==== RECORDS PROVIDED

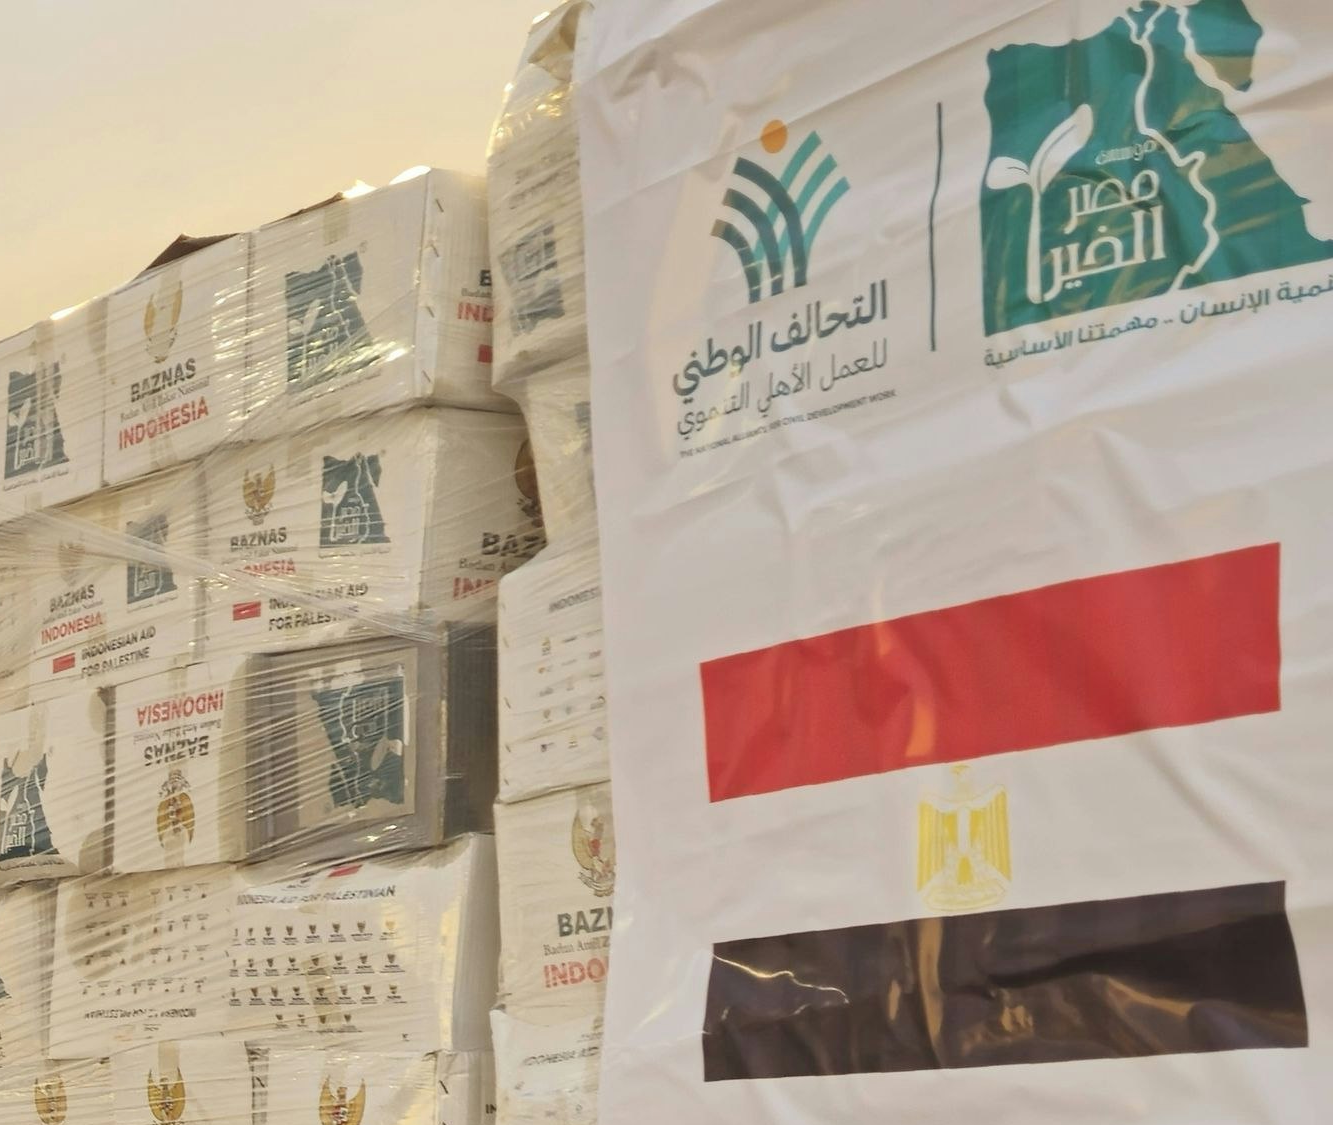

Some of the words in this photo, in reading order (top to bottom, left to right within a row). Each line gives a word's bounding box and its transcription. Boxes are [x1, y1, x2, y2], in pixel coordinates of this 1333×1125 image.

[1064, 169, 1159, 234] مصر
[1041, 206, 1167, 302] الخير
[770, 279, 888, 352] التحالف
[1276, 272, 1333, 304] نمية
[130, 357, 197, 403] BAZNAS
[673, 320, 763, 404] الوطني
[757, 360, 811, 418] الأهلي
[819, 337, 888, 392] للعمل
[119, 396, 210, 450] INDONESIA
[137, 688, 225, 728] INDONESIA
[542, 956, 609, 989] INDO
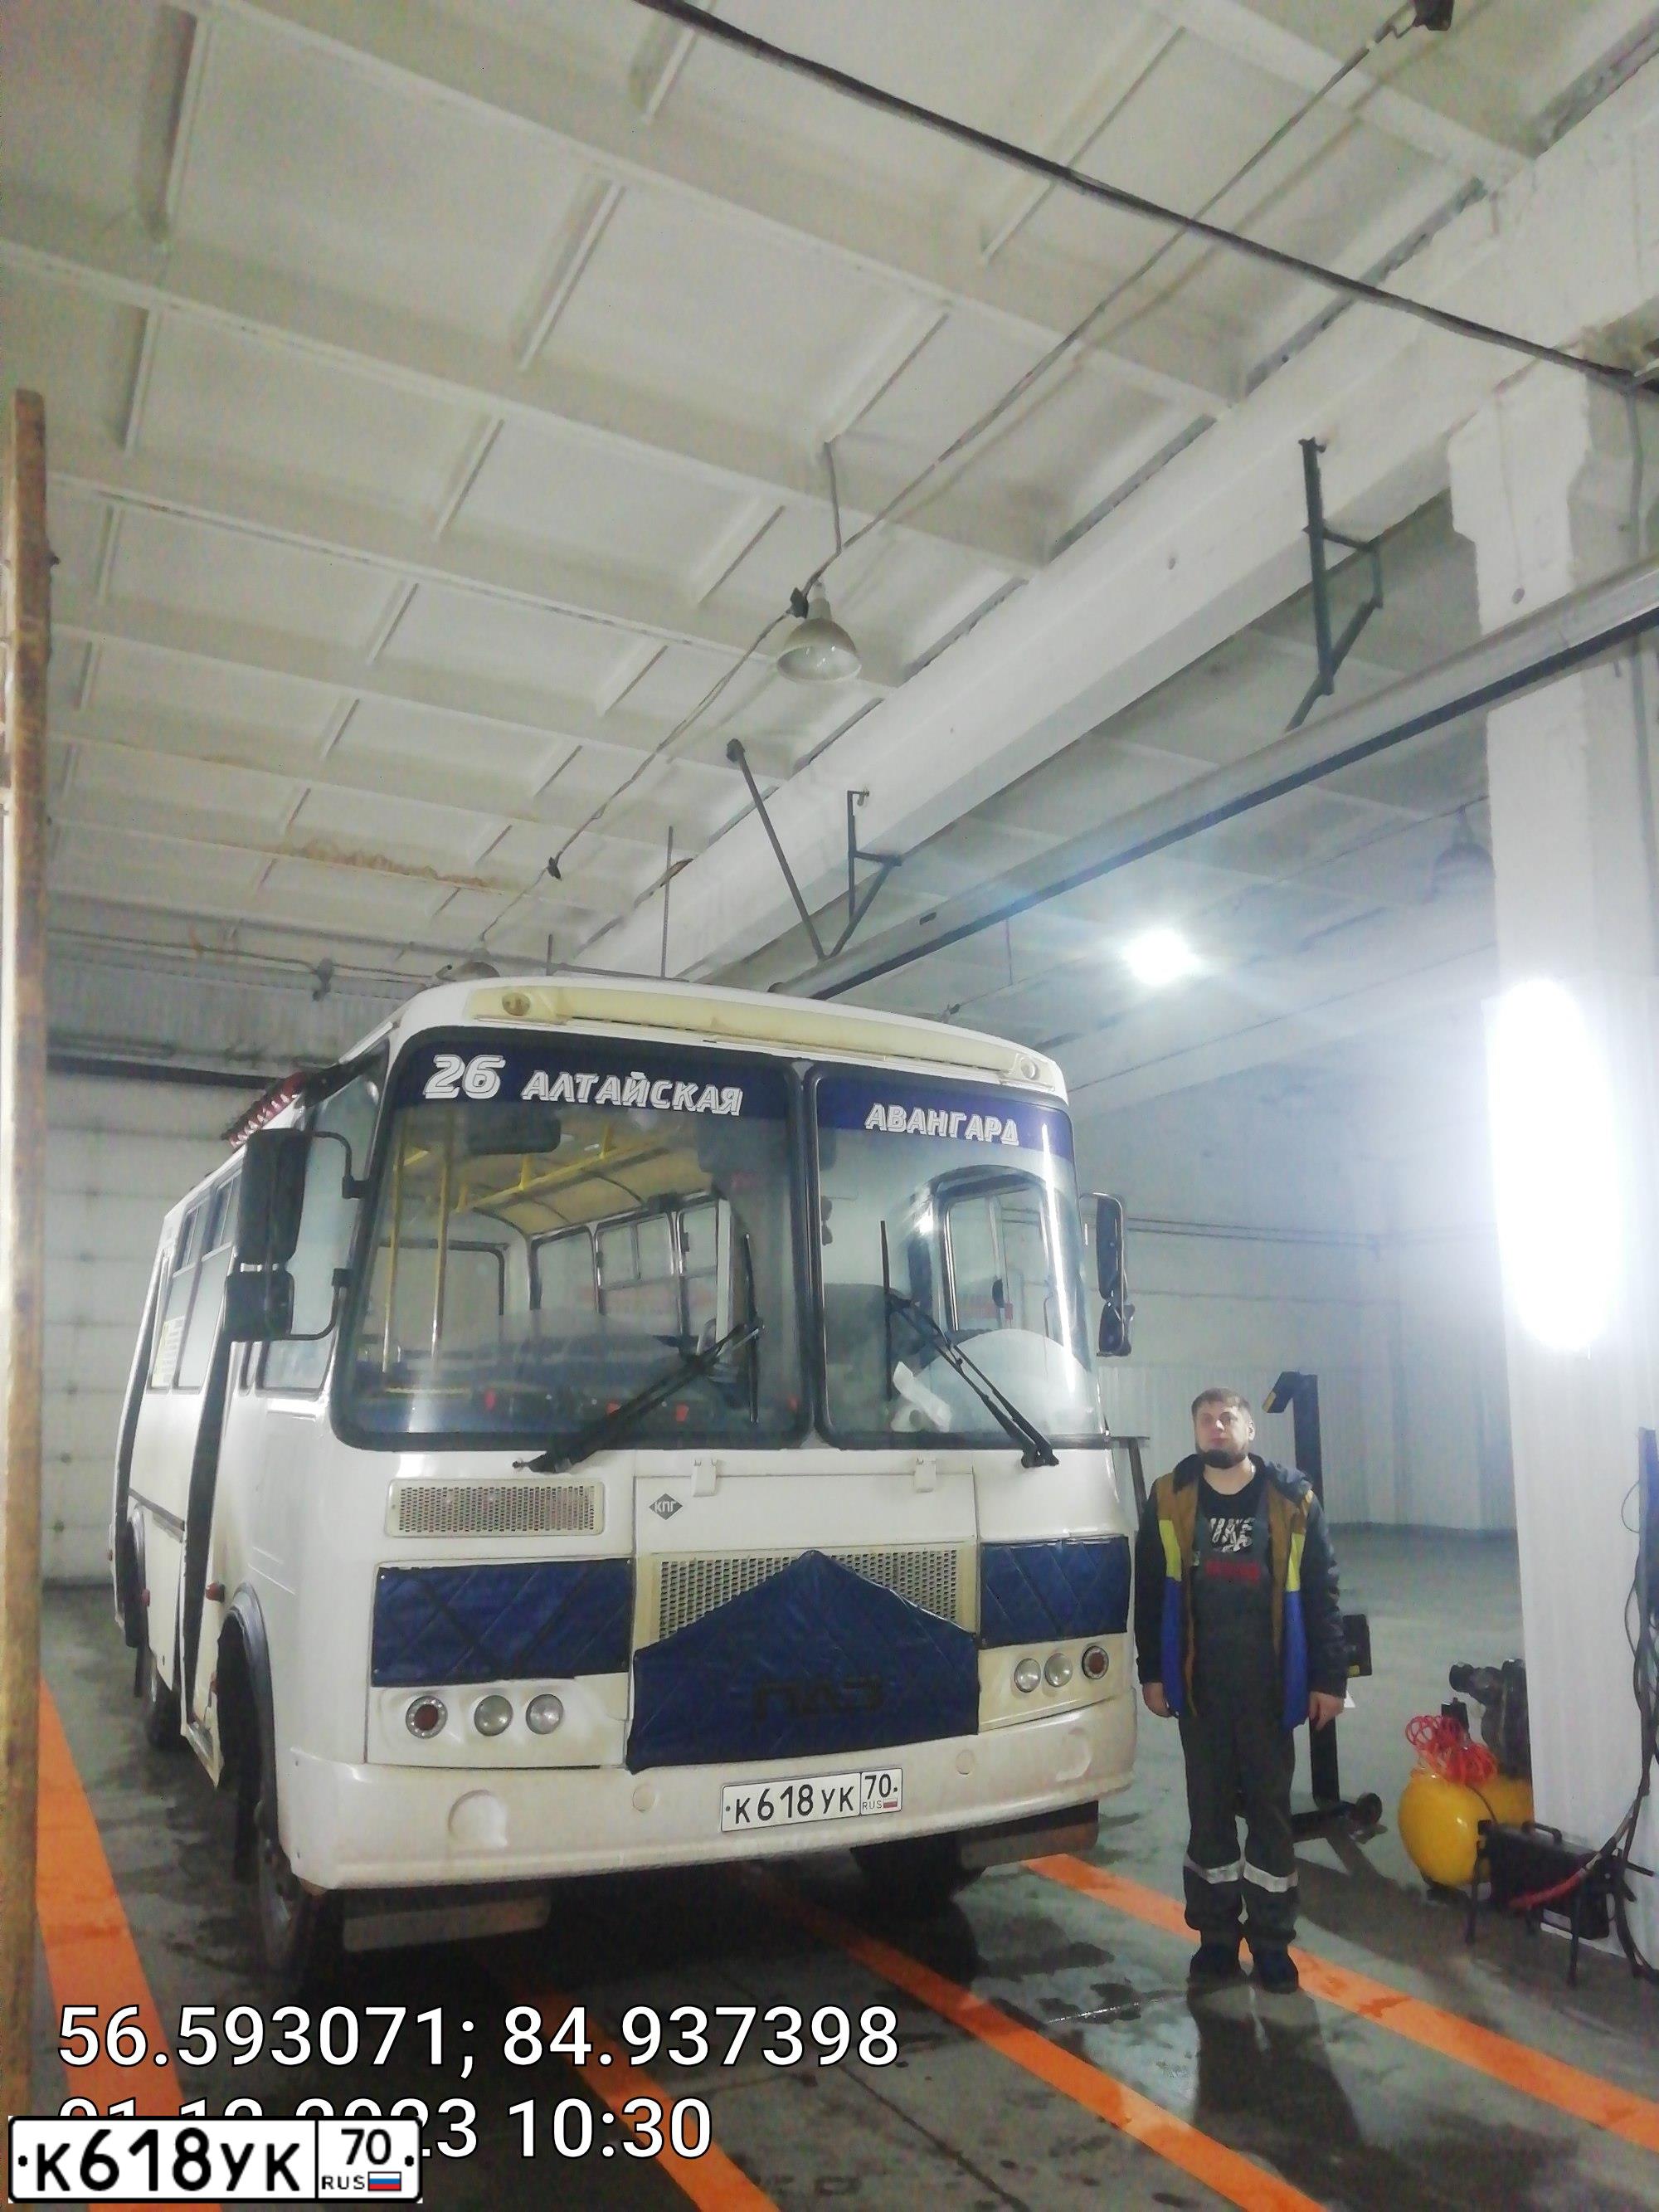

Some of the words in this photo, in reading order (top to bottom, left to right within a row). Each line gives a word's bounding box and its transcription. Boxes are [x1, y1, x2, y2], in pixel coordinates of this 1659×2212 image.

========

* _INSTRUCTIONS TO FOLLOW_: Everything above except the pictures must be restated exactly.

* _EXPECTED ANSWER_:
Some of the words in this photo, in reading order (top to bottom, left to right within a row). Each line gives a word's bounding box and its transcription. Boxes are [x1, y1, x2, y2], in pixel coordinates of this 1333×1125 image.

[1064, 169, 1159, 234] مصر
[1041, 206, 1167, 302] الخير
[770, 279, 888, 352] التحالف
[1276, 272, 1333, 304] نمية
[130, 357, 197, 403] BAZNAS
[673, 320, 763, 404] الوطني
[757, 360, 811, 418] الأهلي
[819, 337, 888, 392] للعمل
[119, 396, 210, 450] INDONESIA
[137, 688, 225, 728] INDONESIA
[542, 956, 609, 989] INDO

Some of the words in this photo, in reading order (top to bottom, left to right within a row). Each line gives a word's bounding box and its transcription. Boxes are [x1, y1, x2, y2], in pixel coordinates of this 1659×2212 image.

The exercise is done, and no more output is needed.